Personal information
- Full name: Karl Matthew Krikken
- Born: 9 April 1969 (age 57) Farnworth, Lancashire
- Batting: Right-handed
- Role: Wicket-keeper
- Relations: Brian Krikken (father)

Domestic team information
- 1987–2003: Derbyshire
- 1988/89: Griqualand West
- FC debut: 3 February 1989 Griqualand West v Eastern Province B
- Last FC: 15 July 2003 Derbyshire v Worcestershire
- LA debut: 10 May 1987 Derbyshire v Sussex
- Last LA: 13 July 2003 Derbyshire v Sussex

Career statistics
| Competition | FC | LA | T20 |
| Matches | 214 | 203 | 1 |
| Runs scored | 5,725 | 1,671 | 3 |
| Batting average | 21.76 | 18.77 | – |
| 100s/50s | 1/25 | 0/1 | 0/0 |
| Top score | 104 | 55 | 3* |
| Balls bowled | 134 | – | – |
| Wickets | 1 | – | – |
| Bowling average | 121 | – | – |
| 5 wickets in innings | 0 | – | – |
| 10 wickets in match | 0 | – | – |
| Best bowling | 1/54 | – | – |
| Catches/stumpings | 526/31 | 196/44 | 1/0 |
- Source: CricketArchive, 30 June 2016

= Karl Krikken =

English cricketer

Karl Matthew Krikken (born 9 April 1969) is a former English cricketer who played for Derbyshire County Cricket Club, primarily as a wicket-keeper, between 1987 and 2003.

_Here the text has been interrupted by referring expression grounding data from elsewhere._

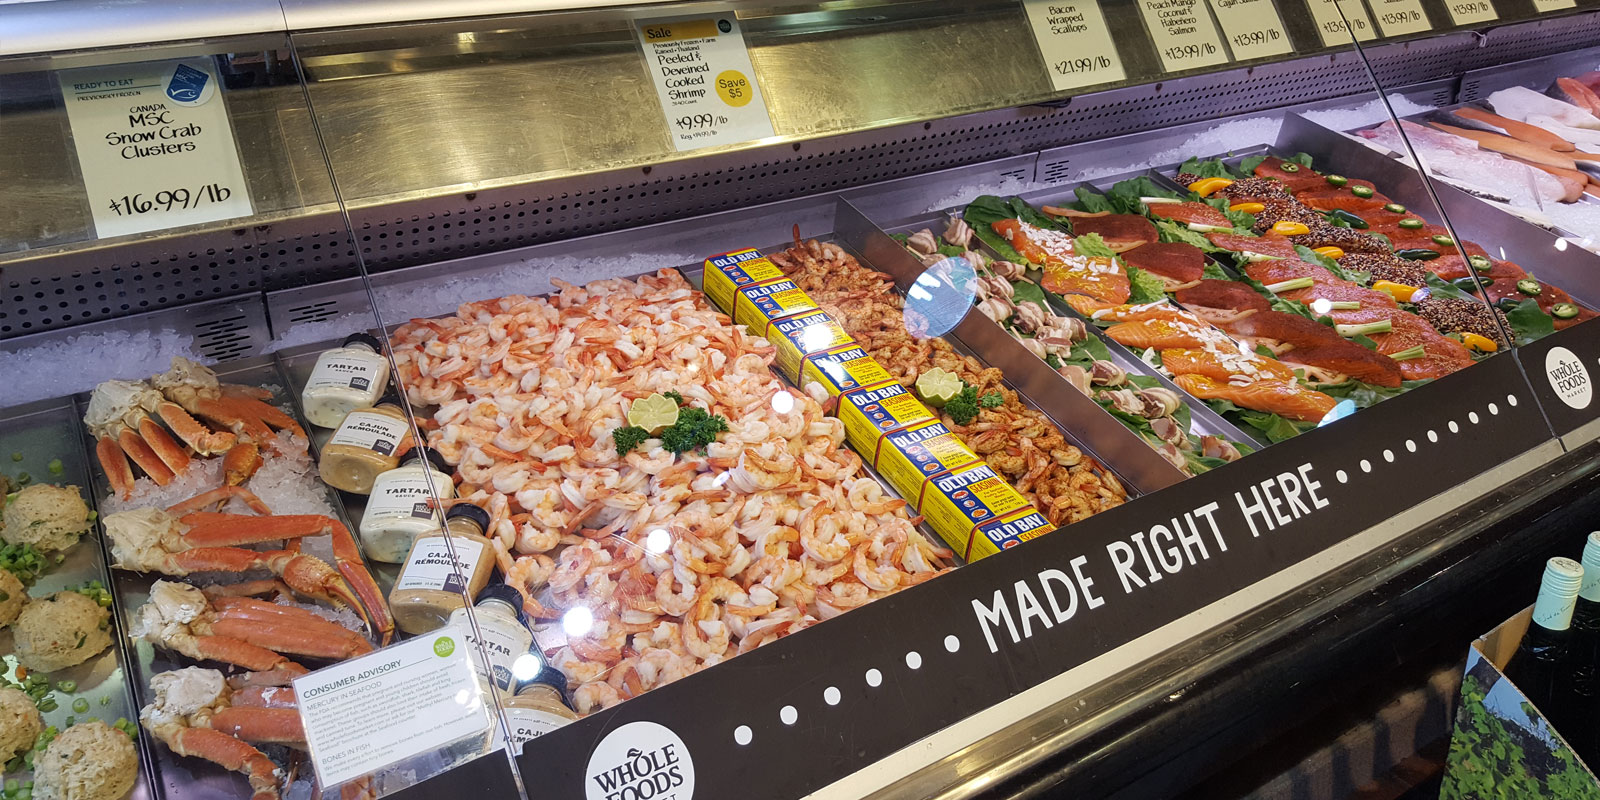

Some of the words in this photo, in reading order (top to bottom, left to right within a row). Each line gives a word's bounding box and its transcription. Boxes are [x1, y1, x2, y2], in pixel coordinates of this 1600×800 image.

[1048, 6, 1076, 15] Bacon
[1146, 0, 1170, 10] Peach
[1170, 0, 1196, 8] Mango
[1218, 0, 1238, 8] Cajun
[1453, 2, 1488, 15] $13.99/lb
[1046, 13, 1084, 24] Wrapped
[1158, 8, 1187, 18] Coconut
[1382, 10, 1420, 24] $13.99/lb
[647, 28, 672, 39] Sale
[1051, 24, 1087, 35] Scallops
[1168, 26, 1196, 35] Salmon
[1233, 28, 1279, 46] $13.99/lb
[652, 41, 680, 49] Previously
[1165, 42, 1216, 60] $13.99/lb
[657, 52, 694, 65] Peeled
[1054, 56, 1110, 74] $21.99/lb
[662, 63, 710, 76] Deveined
[74, 82, 102, 90] READY
[665, 75, 704, 89] Cooked
[719, 78, 745, 89] Save
[668, 88, 706, 100] Shrimp
[728, 89, 742, 99] $5
[130, 104, 166, 113] CANADA
[128, 111, 174, 128] MSC
[676, 113, 728, 130] $9.99/lb
[105, 131, 155, 146] Snow
[159, 123, 202, 140] Crab
[121, 140, 196, 159] Clusters
[108, 183, 231, 216] $16.99/lb
[714, 256, 738, 267] OLD
[736, 251, 759, 262] BAY
[746, 288, 771, 298] OLD
[770, 282, 793, 292] BAY
[779, 320, 804, 332] OLD
[803, 313, 826, 326] BAY
[839, 349, 864, 361] BAY
[327, 363, 367, 372] TARTAR
[1550, 360, 1581, 381] WHOLE
[1557, 372, 1586, 393] FOODS
[852, 392, 880, 406] OLD
[877, 385, 904, 398] BAY
[1567, 387, 1586, 398] MARKET
[347, 425, 398, 440] RÉMOULADE
[359, 422, 389, 431] CAJUN
[893, 432, 922, 448] OLD
[919, 424, 946, 438] BAY
[938, 475, 968, 492] OLD
[966, 466, 994, 483] BAY
[987, 524, 1018, 541] OLD
[1014, 514, 1044, 532] BAY
[971, 554, 1106, 654] MADE
[1106, 501, 1228, 593] RIGHT
[1234, 462, 1329, 538] HERE
[302, 675, 356, 698] CONSUMER
[356, 659, 402, 680] ADVISORY
[306, 695, 339, 711] MERCURY
[348, 680, 382, 696] SEAFOOD
[321, 751, 346, 764] BONES
[355, 742, 370, 751] FISH
[593, 744, 679, 793] WHOLE

Krikken was born in Farnworth, Lancashire, the son of Brian Krikken, a wicket-keeper with Lancashire and Worcestershire between 1966 and 1969. Krikken joined Derbyshire in the 1987 season and was the club's first-choice wicket-keeper for most of his career after displacing Bernie Maher in the side. He was also a lower-order right-handed batsman.

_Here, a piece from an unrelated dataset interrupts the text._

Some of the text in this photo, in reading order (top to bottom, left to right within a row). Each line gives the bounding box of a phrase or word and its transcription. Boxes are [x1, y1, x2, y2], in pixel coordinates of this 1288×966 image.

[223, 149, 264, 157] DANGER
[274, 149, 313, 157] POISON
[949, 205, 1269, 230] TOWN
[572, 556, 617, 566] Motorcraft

A highlight of his career was winning the 1993 Benson & Hedges Cup with Derbyshire. Krikken shared an unbeaten 77-run partnership with man of the match Dominic Cork in the narrow victory over Lancashire in the final, scoring 37 not out.

After his retirement, he became Derbyshire's Academy Coach in late 2003, having earned the ECB's Level 4 Coaching Certificate. Krikken was appointed as the club's Head Coach in June 2011.